Transcribe each line of the material as it is, and drop any picture.

> [Extracted material]
+---+

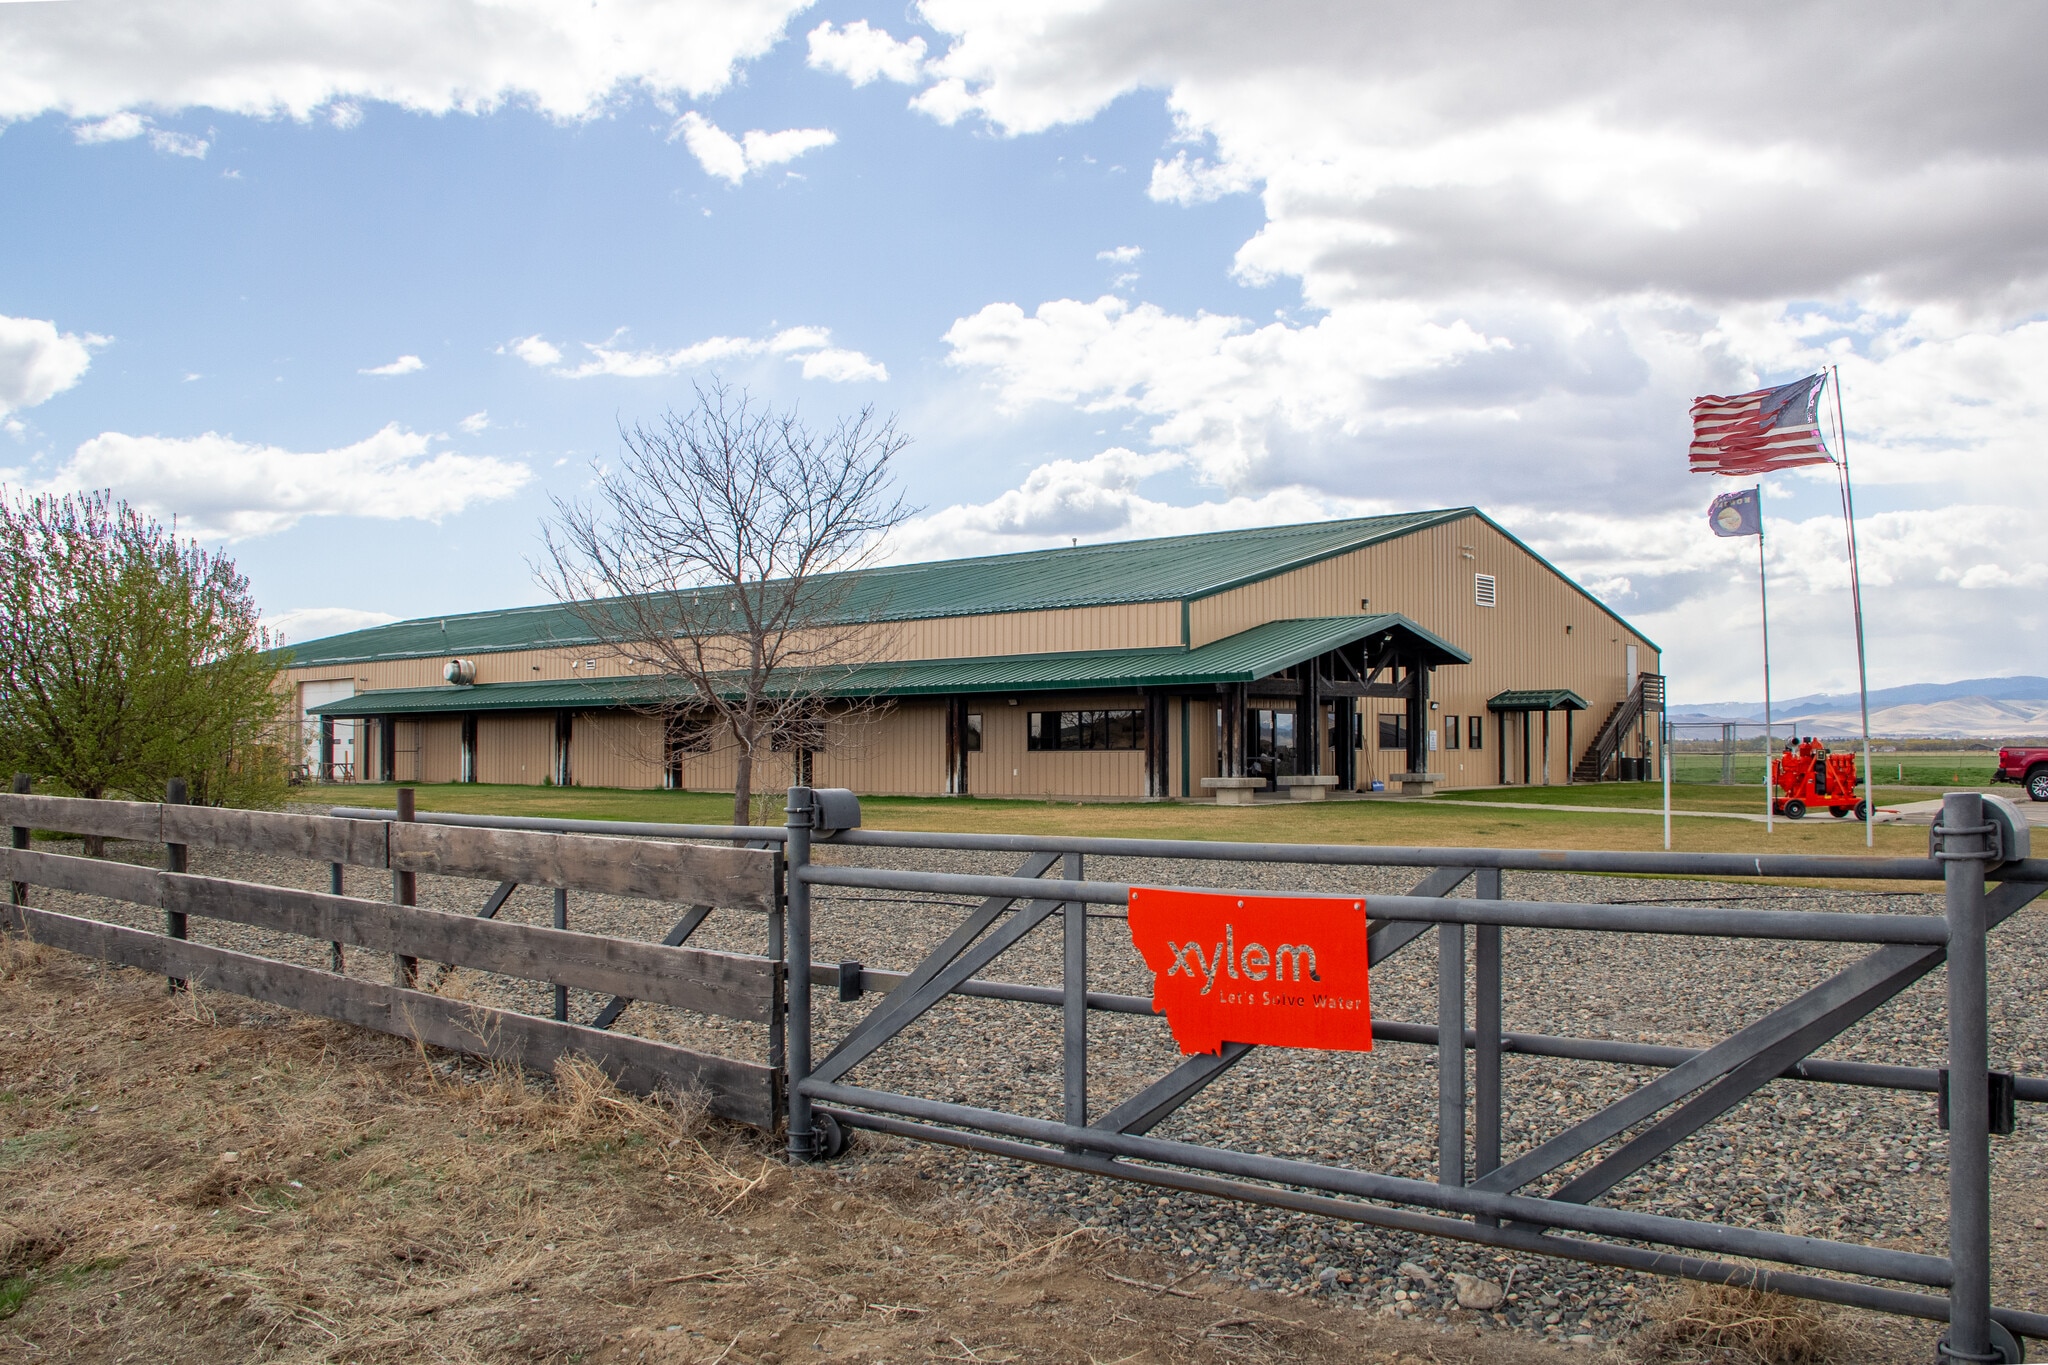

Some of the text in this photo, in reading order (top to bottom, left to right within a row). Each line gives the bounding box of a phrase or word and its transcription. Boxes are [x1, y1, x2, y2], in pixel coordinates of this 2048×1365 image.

[1167, 923, 1321, 995] xylem
[1219, 990, 1361, 1010] Let's Solve Water
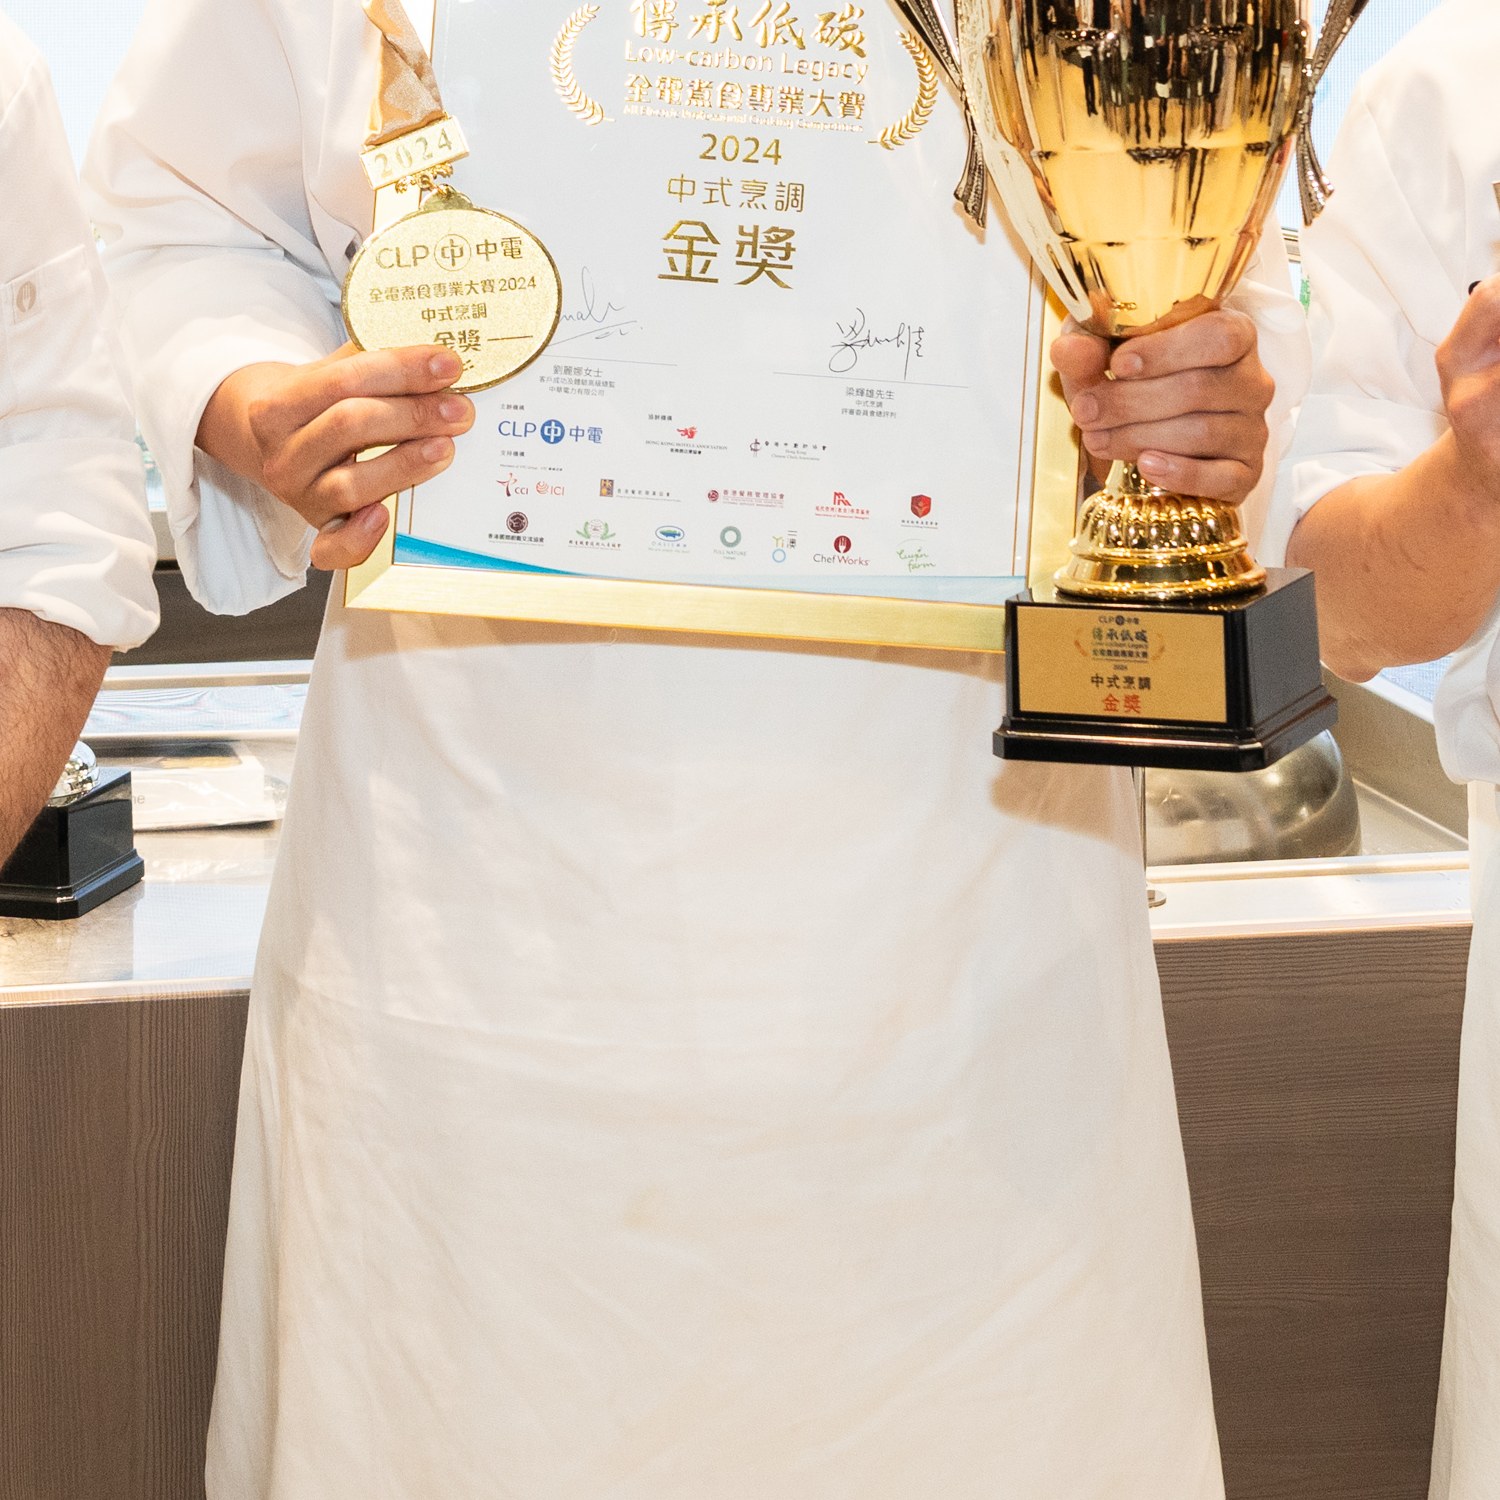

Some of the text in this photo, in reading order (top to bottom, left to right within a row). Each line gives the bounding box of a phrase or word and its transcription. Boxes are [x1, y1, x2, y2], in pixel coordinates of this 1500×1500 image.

[624, 40, 869, 85] Low-carbon Legacy
[624, 73, 866, 120] 全電煮食專業大賽
[373, 127, 453, 179] 2024
[699, 133, 783, 165] 2024
[667, 173, 805, 213] 中式烹調
[375, 236, 523, 270] CLP 中電
[657, 219, 797, 290] 金獎
[421, 302, 488, 323] 中式烹調
[498, 420, 603, 444] CLP 中電
[514, 486, 529, 495] CCI
[550, 485, 565, 496] ICI
[1090, 673, 1151, 691] 中式烹調
[1101, 693, 1142, 714] 金獎
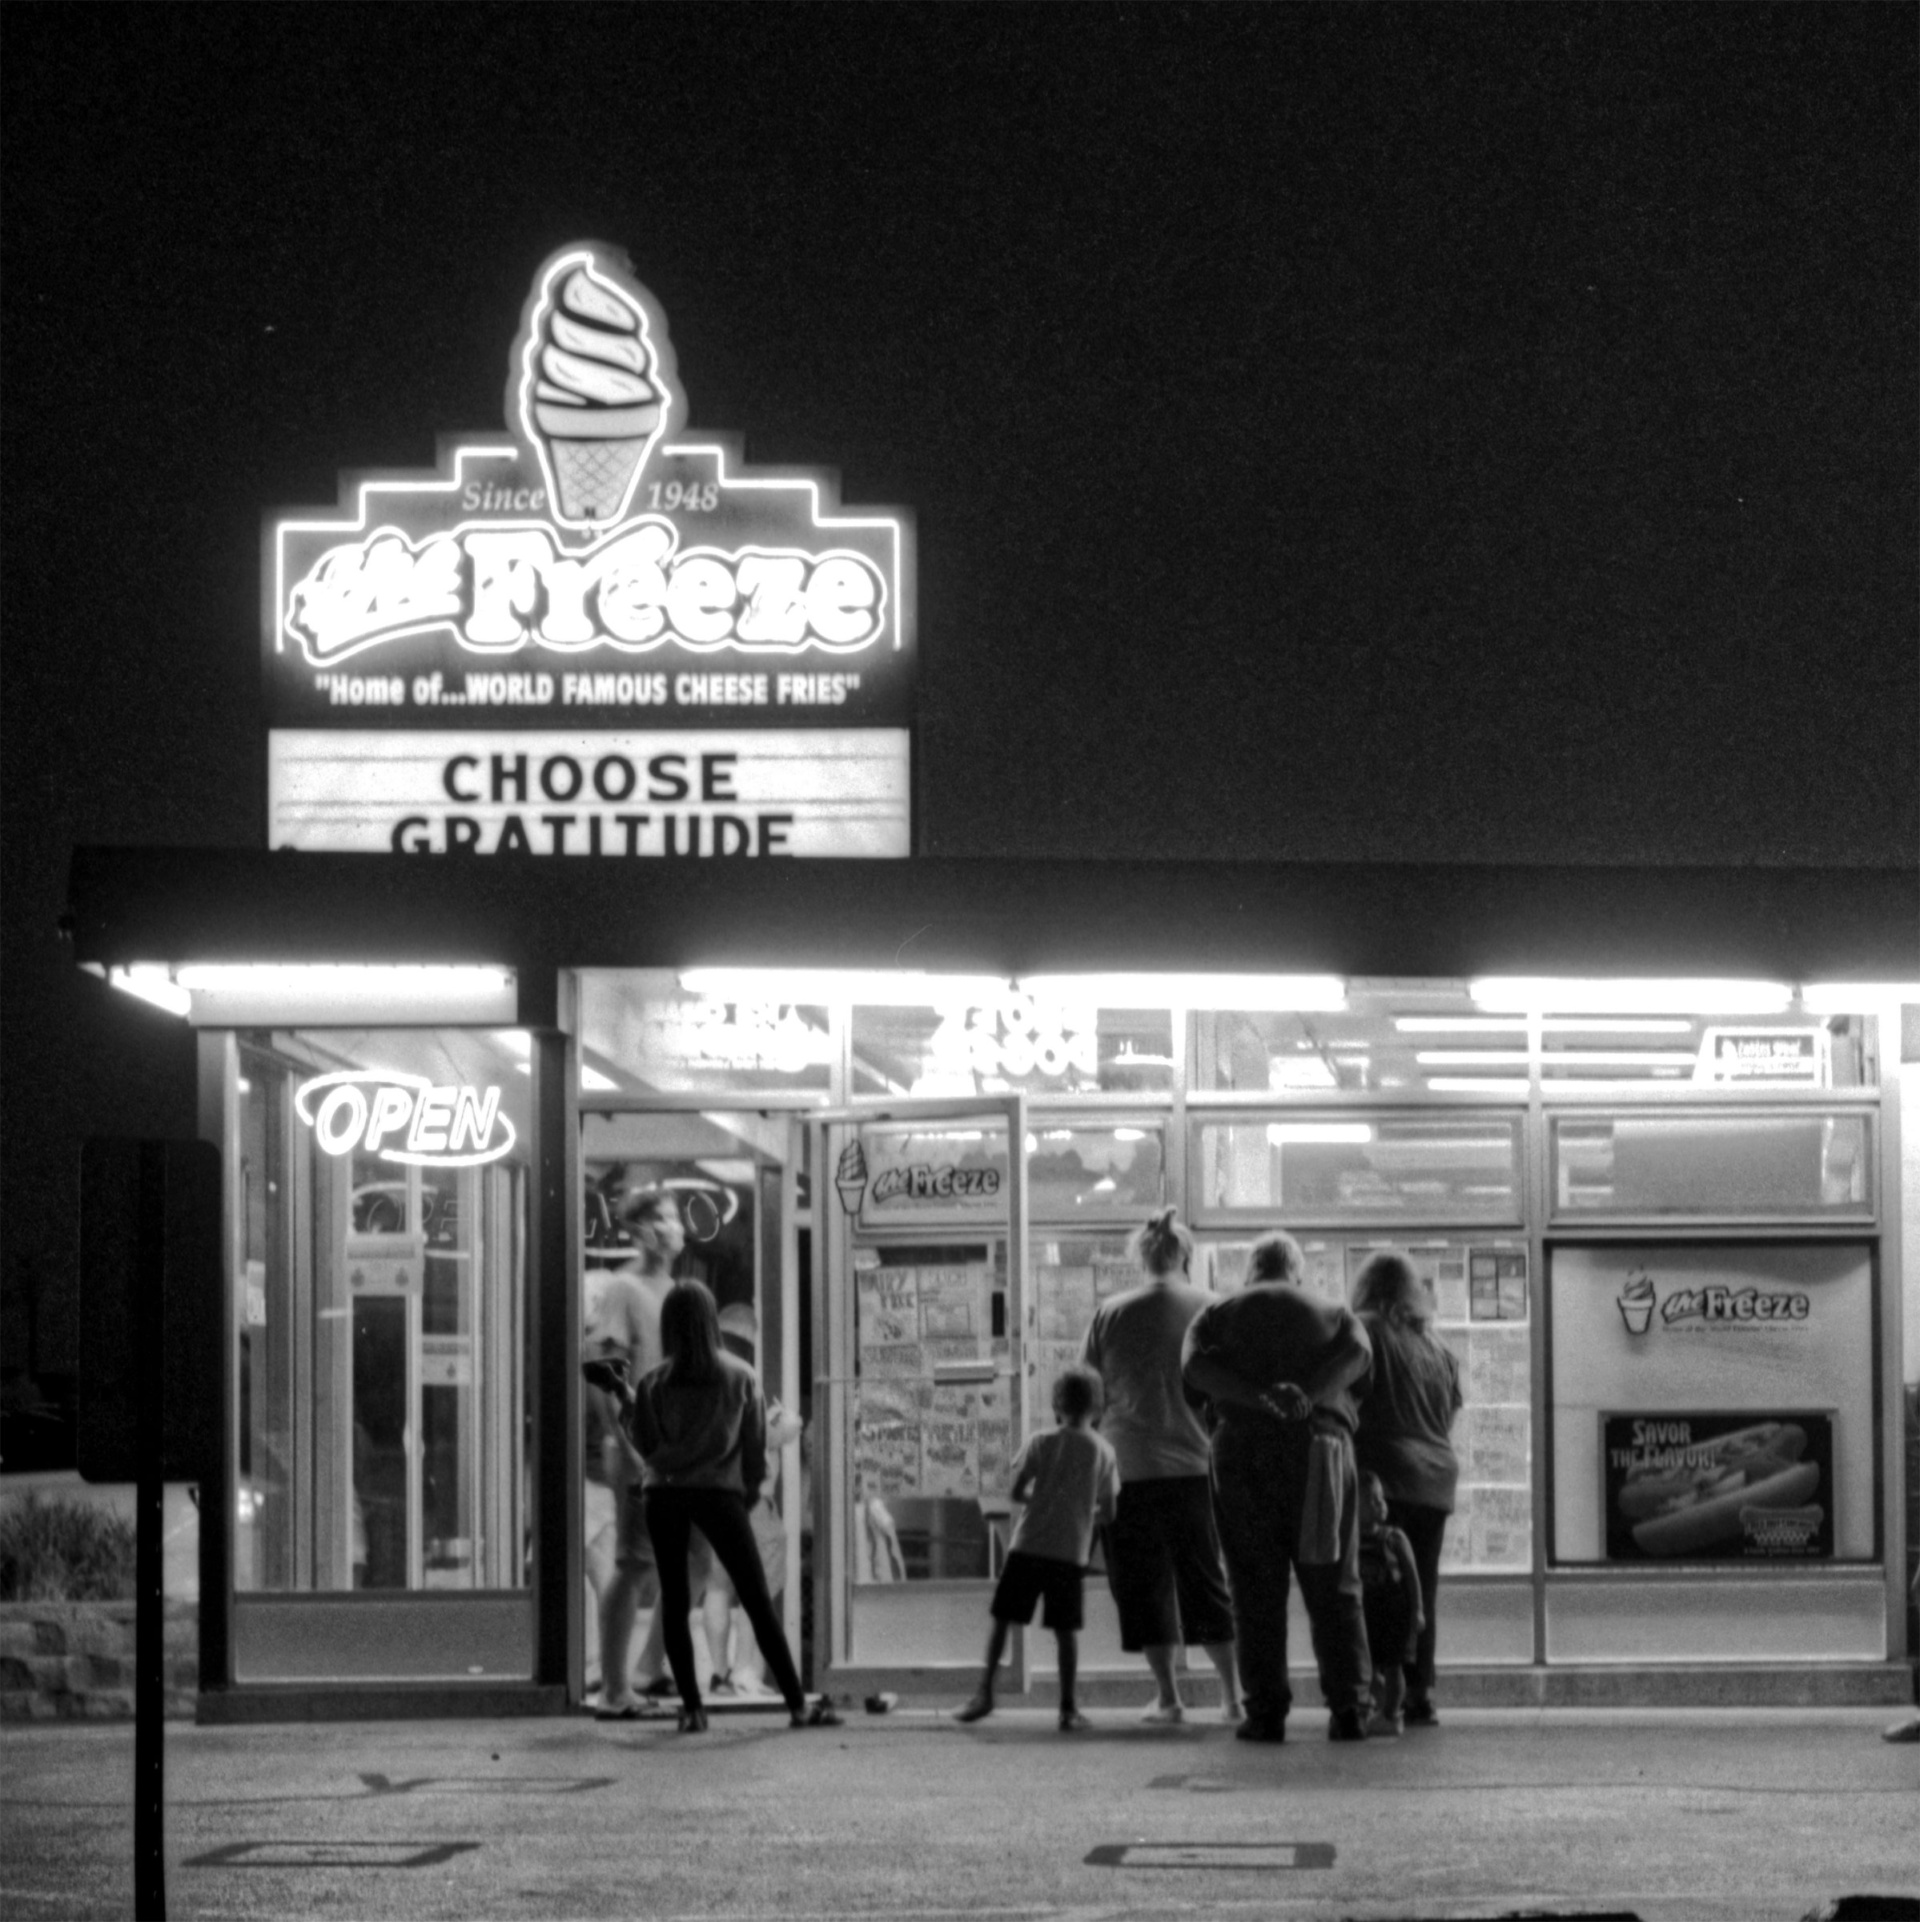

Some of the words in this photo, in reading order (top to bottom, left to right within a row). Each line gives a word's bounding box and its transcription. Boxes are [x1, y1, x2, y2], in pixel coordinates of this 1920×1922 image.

[461, 481, 545, 511] Since
[647, 481, 719, 512] 1948
[464, 524, 874, 643] Freeze
[315, 672, 404, 705] "Home
[562, 672, 667, 705] FAMOUS
[675, 672, 768, 705] CHEESE
[777, 672, 860, 705] FRIES"
[443, 754, 737, 801] CHOOSE
[391, 814, 793, 857] GRATITUDE
[316, 1084, 500, 1156] OPEN
[908, 1164, 1000, 1198] Freeze
[1703, 1285, 1810, 1320] Freeze

+---+

> [Reply]
Some of the text in this photo, in reading order (top to bottom, left to right within a row). Each line gives the bounding box of a phrase or word and its transcription. Boxes are [x1, y1, x2, y2], in pixel coordinates of this 2048×1365 image.

[1167, 923, 1321, 995] xylem
[1219, 990, 1361, 1010] Let's Solve Water

Some of the text in this photo, in reading order (top to bottom, left to right within a row). Each line gives the bounding box of a phrase or word and its transcription. Boxes are [x1, y1, x2, y2], in pixel coordinates of this 1500×1500 image.

[624, 40, 869, 85] Low-carbon Legacy
[624, 73, 866, 120] 全電煮食專業大賽
[373, 127, 453, 179] 2024
[699, 133, 783, 165] 2024
[667, 173, 805, 213] 中式烹調
[375, 236, 523, 270] CLP 中電
[657, 219, 797, 290] 金獎
[421, 302, 488, 323] 中式烹調
[498, 420, 603, 444] CLP 中電
[514, 486, 529, 495] CCI
[550, 485, 565, 496] ICI
[1090, 673, 1151, 691] 中式烹調
[1101, 693, 1142, 714] 金獎

Some of the words in this photo, in reading order (top to bottom, left to right within a row). Each line gives a word's bounding box and its transcription. Boxes are [x1, y1, x2, y2], in pixel coordinates of this 1920×1922 image.

[461, 481, 545, 511] Since
[647, 481, 719, 512] 1948
[464, 524, 874, 643] Freeze
[315, 672, 404, 705] "Home
[562, 672, 667, 705] FAMOUS
[675, 672, 768, 705] CHEESE
[777, 672, 860, 705] FRIES"
[443, 754, 737, 801] CHOOSE
[391, 814, 793, 857] GRATITUDE
[316, 1084, 500, 1156] OPEN
[908, 1164, 1000, 1198] Freeze
[1703, 1285, 1810, 1320] Freeze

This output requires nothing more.